- Born: 16 March 1857 Lambeth, London, England
- Died: 29 June 1916 (aged 59) St George's Hospital, Knightsbridge, London, England
- Education: Westminster School; Royal Academy Schools; École des Beaux-Arts;
- Known for: Sculpture
- Elected: National Portrait Society; Chelsea Arts Club; International Society of Sculptors, Painters and Gravers;

= Thomas Stirling Lee =

English sculptor (1857–1916)

Thomas Stirling Lee (London, 16 March 1857 – 29 June 1916, London) was an English sculptor, specialising in reliefs and portrait heads.

== Early life ==

Lee was born in Lambeth, London on 16 March 1857, the son of John Swanwick Lee, a surveyor. He was educated at Westminster School and then served as an apprentice in the studio of John Birnie Philip.
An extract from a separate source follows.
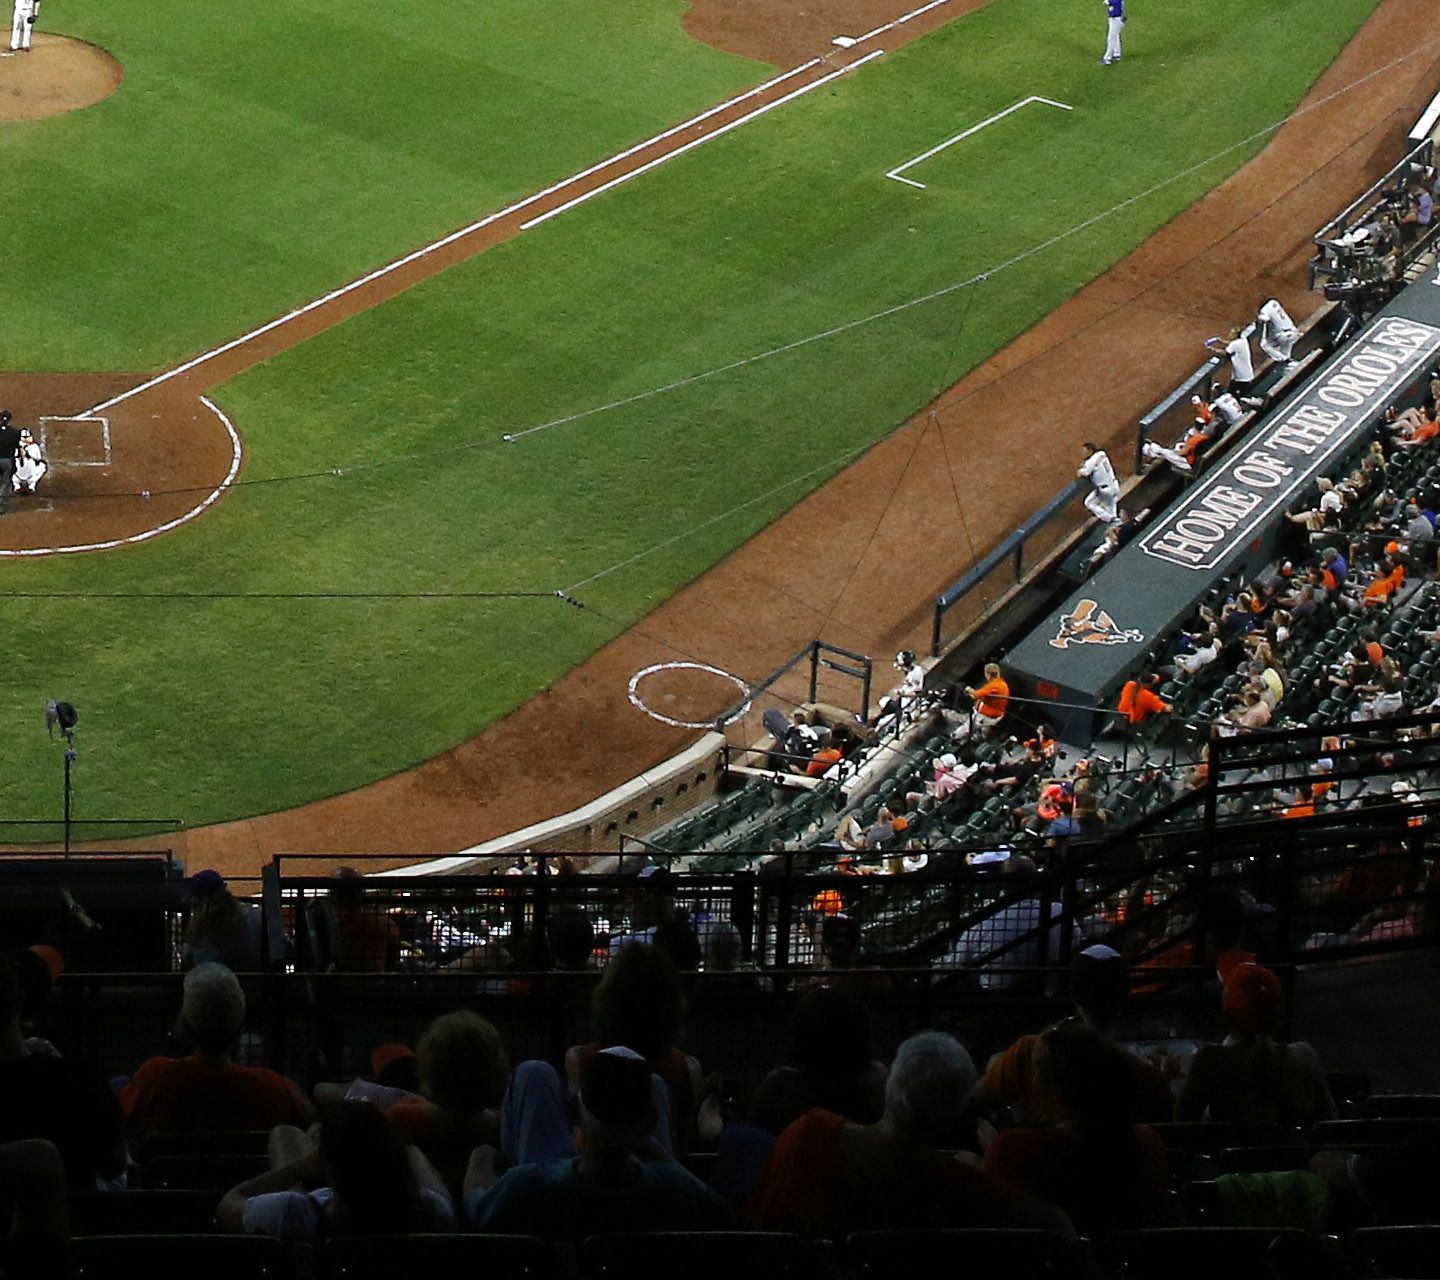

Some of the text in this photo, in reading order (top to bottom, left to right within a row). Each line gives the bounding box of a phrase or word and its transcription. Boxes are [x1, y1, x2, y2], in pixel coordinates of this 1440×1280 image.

[1152, 321, 1430, 561] HOME OF THE ORIOLES
Lee studied at the Royal Academy Schools from 1876 to 1880, where he won both a Gold Medal and a Travelling Scholarship. In 1880–1881 he studied under Pierre-Jules Cavelier at the École des Beaux-Arts in Paris, and then studied in Rome until 1883.

== Career ==

Stirling Lee's commission for 28 panels for the exterior of St George's Hall, Liverpool, resulting from an open competition held by Liverpool City Council in 1882, is regarded as his most important, but it was the subject of controversy, when the first two featured naked girls, depicting "the child Justice" and "the girl Justice". Lee only completed six of the 28 panels, but was subsequently commissioned to make two, and oversee all, of a further set of six on the theme of 'National Prosperity'.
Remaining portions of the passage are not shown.